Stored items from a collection

========

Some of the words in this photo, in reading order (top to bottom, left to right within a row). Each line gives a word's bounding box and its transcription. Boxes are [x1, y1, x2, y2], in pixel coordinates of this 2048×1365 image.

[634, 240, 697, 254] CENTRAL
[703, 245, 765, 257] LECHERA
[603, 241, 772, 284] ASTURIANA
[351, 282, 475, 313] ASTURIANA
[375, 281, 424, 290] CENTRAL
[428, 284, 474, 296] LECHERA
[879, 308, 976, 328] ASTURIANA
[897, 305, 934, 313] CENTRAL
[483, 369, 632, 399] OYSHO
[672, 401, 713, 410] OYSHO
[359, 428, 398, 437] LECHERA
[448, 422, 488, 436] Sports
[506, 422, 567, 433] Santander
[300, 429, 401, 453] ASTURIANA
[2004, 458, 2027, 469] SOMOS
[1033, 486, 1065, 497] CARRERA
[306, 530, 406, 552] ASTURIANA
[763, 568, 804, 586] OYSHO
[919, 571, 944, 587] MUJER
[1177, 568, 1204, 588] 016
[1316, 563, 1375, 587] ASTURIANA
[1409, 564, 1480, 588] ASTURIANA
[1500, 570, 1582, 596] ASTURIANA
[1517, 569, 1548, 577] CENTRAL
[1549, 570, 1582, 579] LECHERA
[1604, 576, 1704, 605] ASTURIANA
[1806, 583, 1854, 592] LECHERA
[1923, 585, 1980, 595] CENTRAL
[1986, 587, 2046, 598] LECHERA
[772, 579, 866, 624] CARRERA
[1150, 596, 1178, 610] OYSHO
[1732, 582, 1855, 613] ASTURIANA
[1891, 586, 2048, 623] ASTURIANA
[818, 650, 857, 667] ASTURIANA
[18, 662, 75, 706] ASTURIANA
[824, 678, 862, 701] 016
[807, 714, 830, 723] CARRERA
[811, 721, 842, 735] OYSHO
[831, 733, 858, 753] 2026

========

> [About this task] Please write the entries out again exactly as they stand.

> [Answer to the exercise]
Some of the words in this photo, in reading order (top to bottom, left to right within a row). Each line gives a word's bounding box and its transcription. Boxes are [x1, y1, x2, y2], in pixel coordinates of this 2048×1365 image.

[634, 240, 697, 254] CENTRAL
[703, 245, 765, 257] LECHERA
[603, 241, 772, 284] ASTURIANA
[351, 282, 475, 313] ASTURIANA
[375, 281, 424, 290] CENTRAL
[428, 284, 474, 296] LECHERA
[879, 308, 976, 328] ASTURIANA
[897, 305, 934, 313] CENTRAL
[483, 369, 632, 399] OYSHO
[672, 401, 713, 410] OYSHO
[359, 428, 398, 437] LECHERA
[448, 422, 488, 436] Sports
[506, 422, 567, 433] Santander
[300, 429, 401, 453] ASTURIANA
[2004, 458, 2027, 469] SOMOS
[1033, 486, 1065, 497] CARRERA
[306, 530, 406, 552] ASTURIANA
[763, 568, 804, 586] OYSHO
[919, 571, 944, 587] MUJER
[1177, 568, 1204, 588] 016
[1316, 563, 1375, 587] ASTURIANA
[1409, 564, 1480, 588] ASTURIANA
[1500, 570, 1582, 596] ASTURIANA
[1517, 569, 1548, 577] CENTRAL
[1549, 570, 1582, 579] LECHERA
[1604, 576, 1704, 605] ASTURIANA
[1806, 583, 1854, 592] LECHERA
[1923, 585, 1980, 595] CENTRAL
[1986, 587, 2046, 598] LECHERA
[772, 579, 866, 624] CARRERA
[1150, 596, 1178, 610] OYSHO
[1732, 582, 1855, 613] ASTURIANA
[1891, 586, 2048, 623] ASTURIANA
[818, 650, 857, 667] ASTURIANA
[18, 662, 75, 706] ASTURIANA
[824, 678, 862, 701] 016
[807, 714, 830, 723] CARRERA
[811, 721, 842, 735] OYSHO
[831, 733, 858, 753] 2026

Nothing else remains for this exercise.